Let$ p_1, p_2, p_3$ be primes with $p_2 \neq p_3$, such that $4 + p_1p_2$ and $4 + p_1p_3$ are perfect squares. Find all possible values of$ p_1, p_2, p_3$.
My approach:
Assume $p_2>p_3$ and let $4+p_1p_2=m^2$ and $4+p_1p_3=k_2$ $$ \implies m^2−4=(m−2) (m+2)=p_1p_2$$ and, $$ k^2−4=(k−2)(k+2)=p_1p_3$$
-> $p_1=m−2$ or $m+2$ and $p_1=k−2$ or $k+2$.
If $p_1=m−2$ then $p_2=m+2$. Then if $p_1=k−2$ then $k=m$ and $p_2=p_3$ which is impossible.

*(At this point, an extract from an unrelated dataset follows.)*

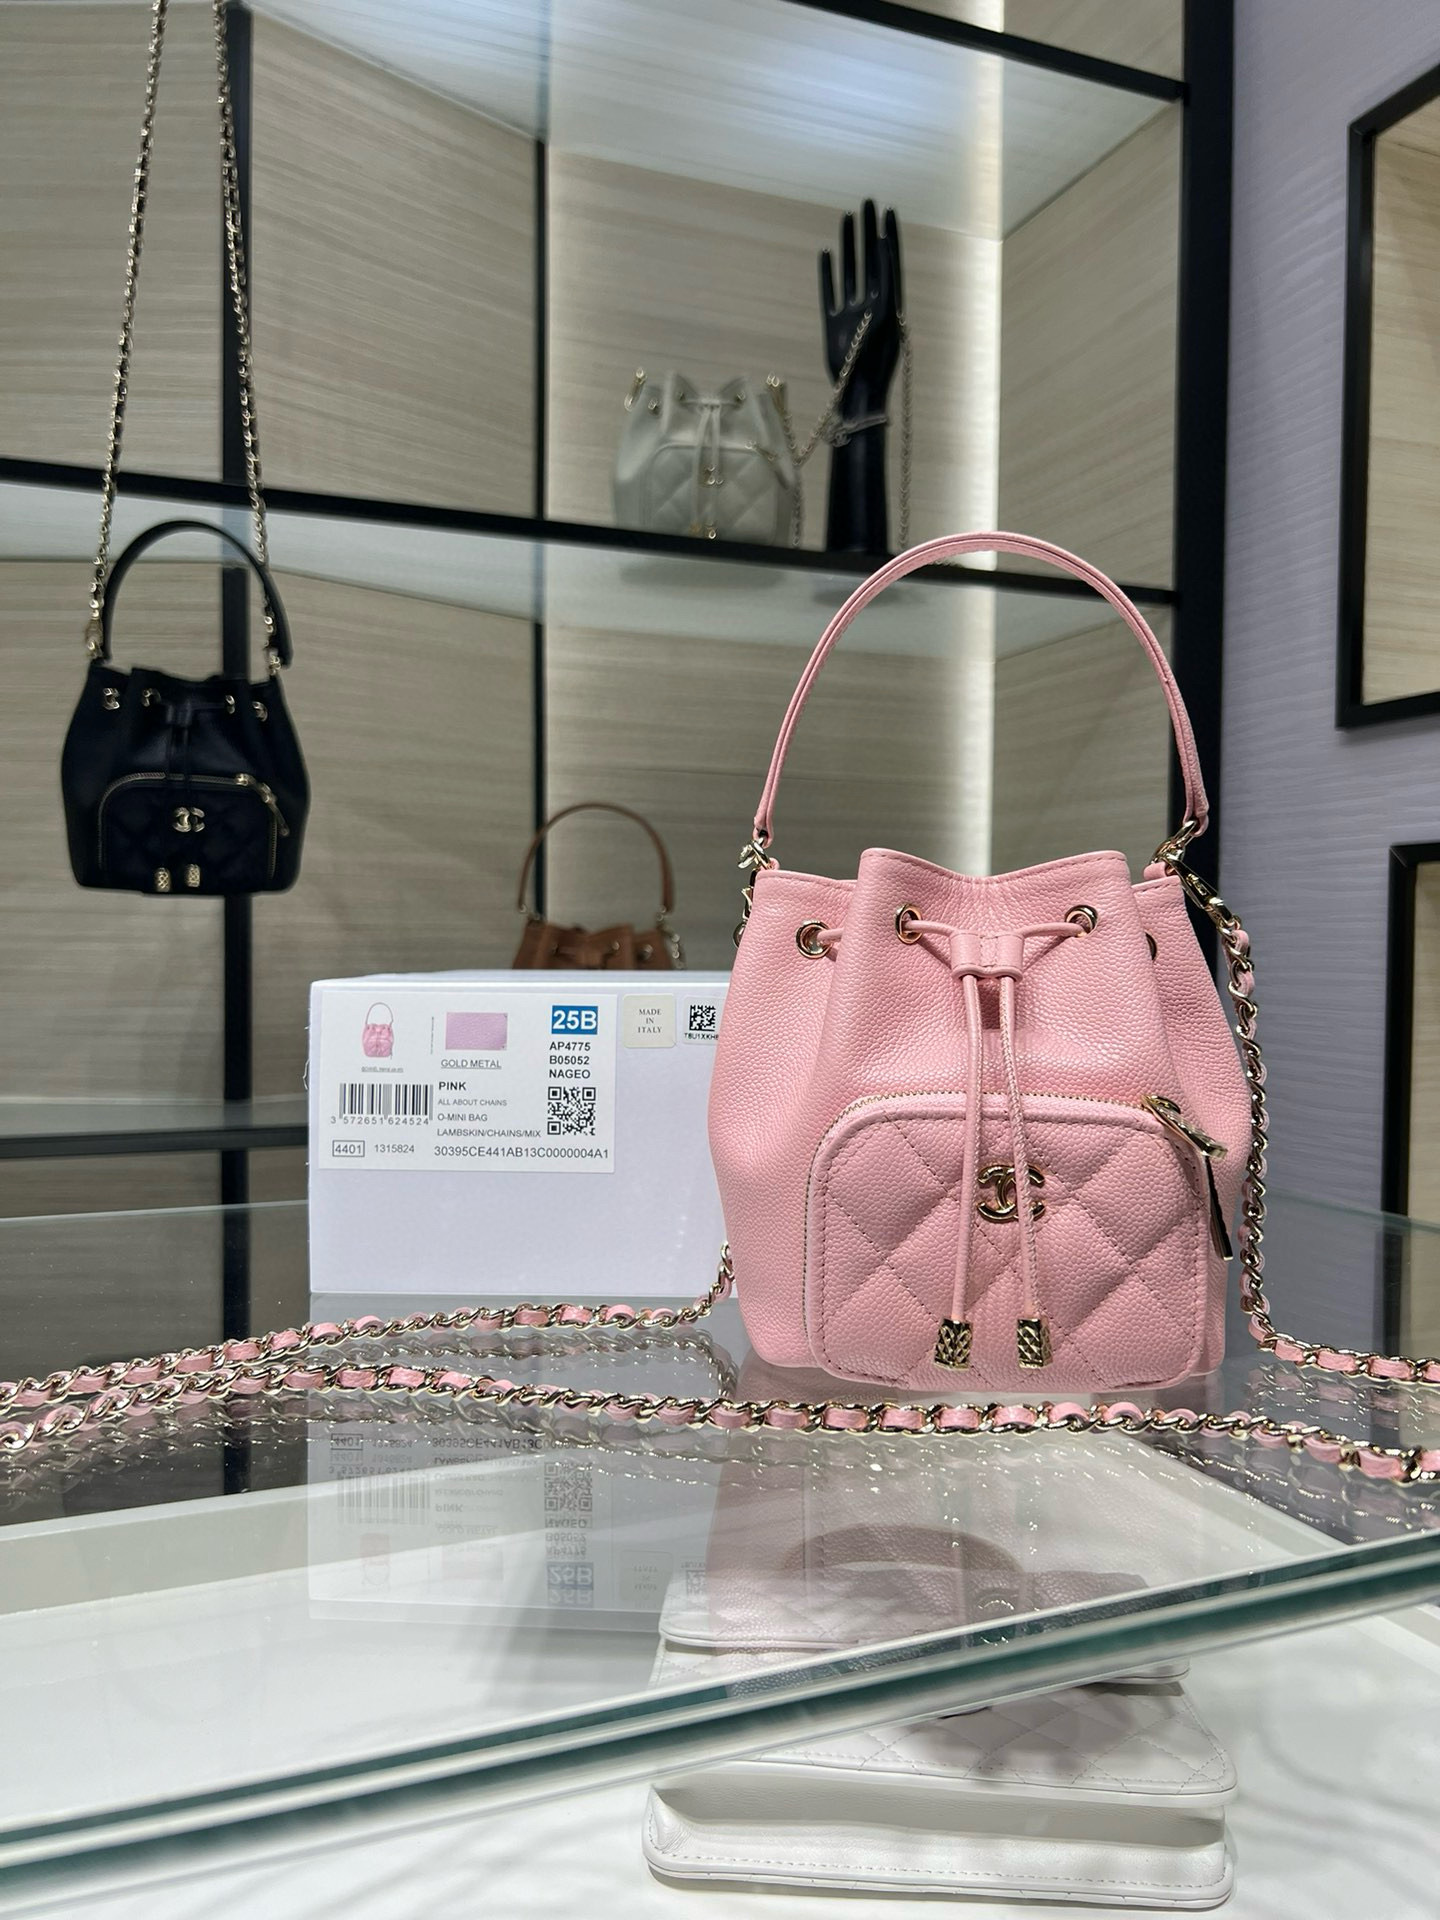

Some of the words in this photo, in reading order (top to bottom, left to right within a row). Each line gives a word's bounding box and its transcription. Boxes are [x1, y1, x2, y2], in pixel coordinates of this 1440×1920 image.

And if $p_1=k+2$ then $p_3=k−2<p_1<p_2$ a contradiction.
Hence, $p_1=m+2$ and $p_2=m−2$. If $p_1=k+2$ we get $m=k$ and $p_2=p_3$ so $p_1=k−2$ and $p_3=k+2$.
$$ \implies p_3=p_1+4=p_2+8$$
If $p_2=2$ then $p_1,p_3$ are even which is impossible.
I am stuck now.
Hint: Show that $p_3=p_1+4=p_2+8$ implies that one of $p_1,p_2,p_3$ is divisible by 3.